To do: Return the records below in full. Keep every word exact and skip the images.

Data extracts: Begin

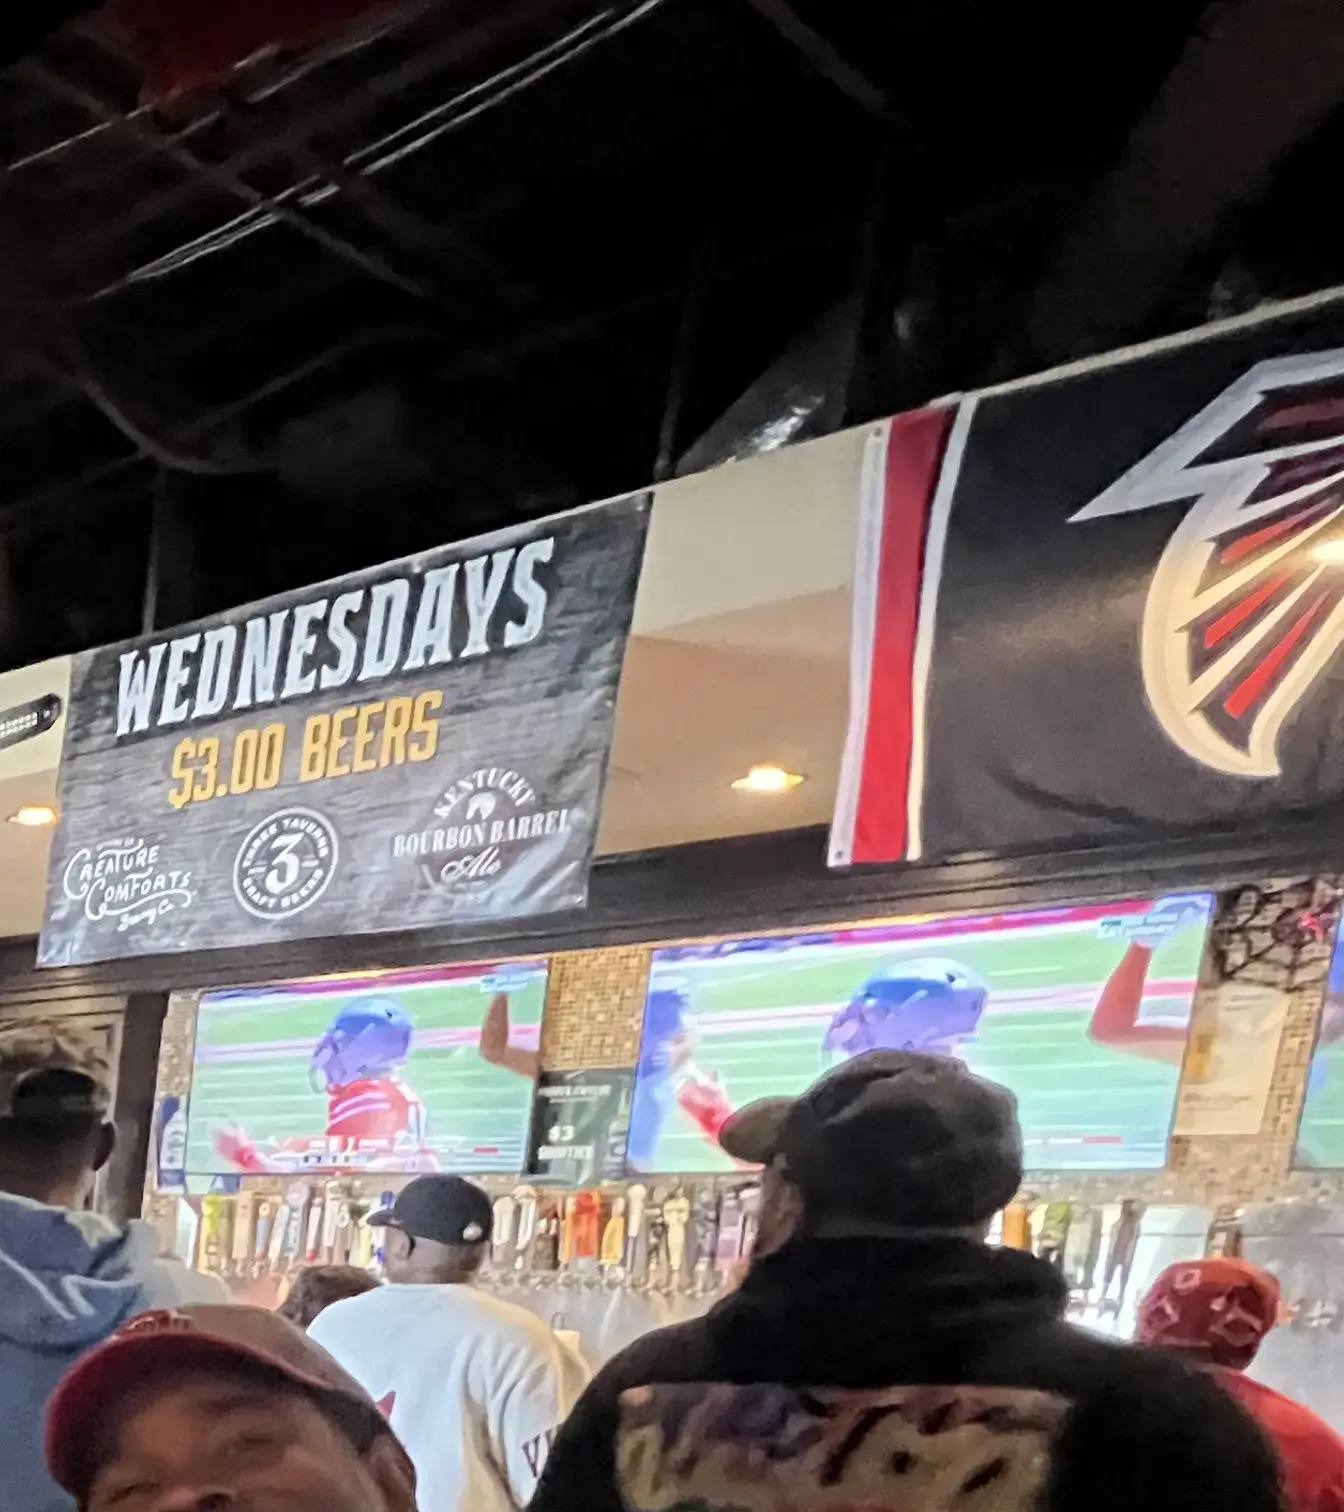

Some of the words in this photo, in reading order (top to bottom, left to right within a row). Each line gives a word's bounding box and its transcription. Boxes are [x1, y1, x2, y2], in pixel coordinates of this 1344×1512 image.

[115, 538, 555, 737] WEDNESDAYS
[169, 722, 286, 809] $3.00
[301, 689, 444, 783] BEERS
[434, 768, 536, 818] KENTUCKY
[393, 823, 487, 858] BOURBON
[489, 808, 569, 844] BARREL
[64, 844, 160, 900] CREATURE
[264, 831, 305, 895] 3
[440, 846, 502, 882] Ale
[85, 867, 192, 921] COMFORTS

Data extracts: End

Exercise response:
Some of the words in this photo, in reading order (top to bottom, left to right within a row). Each line gives a word's bounding box and its transcription. Boxes are [x1, y1, x2, y2], in pixel coordinates of this 1344×1512 image.

[115, 538, 555, 737] WEDNESDAYS
[169, 722, 286, 809] $3.00
[301, 689, 444, 783] BEERS
[434, 768, 536, 818] KENTUCKY
[393, 823, 487, 858] BOURBON
[489, 808, 569, 844] BARREL
[64, 844, 160, 900] CREATURE
[264, 831, 305, 895] 3
[440, 846, 502, 882] Ale
[85, 867, 192, 921] COMFORTS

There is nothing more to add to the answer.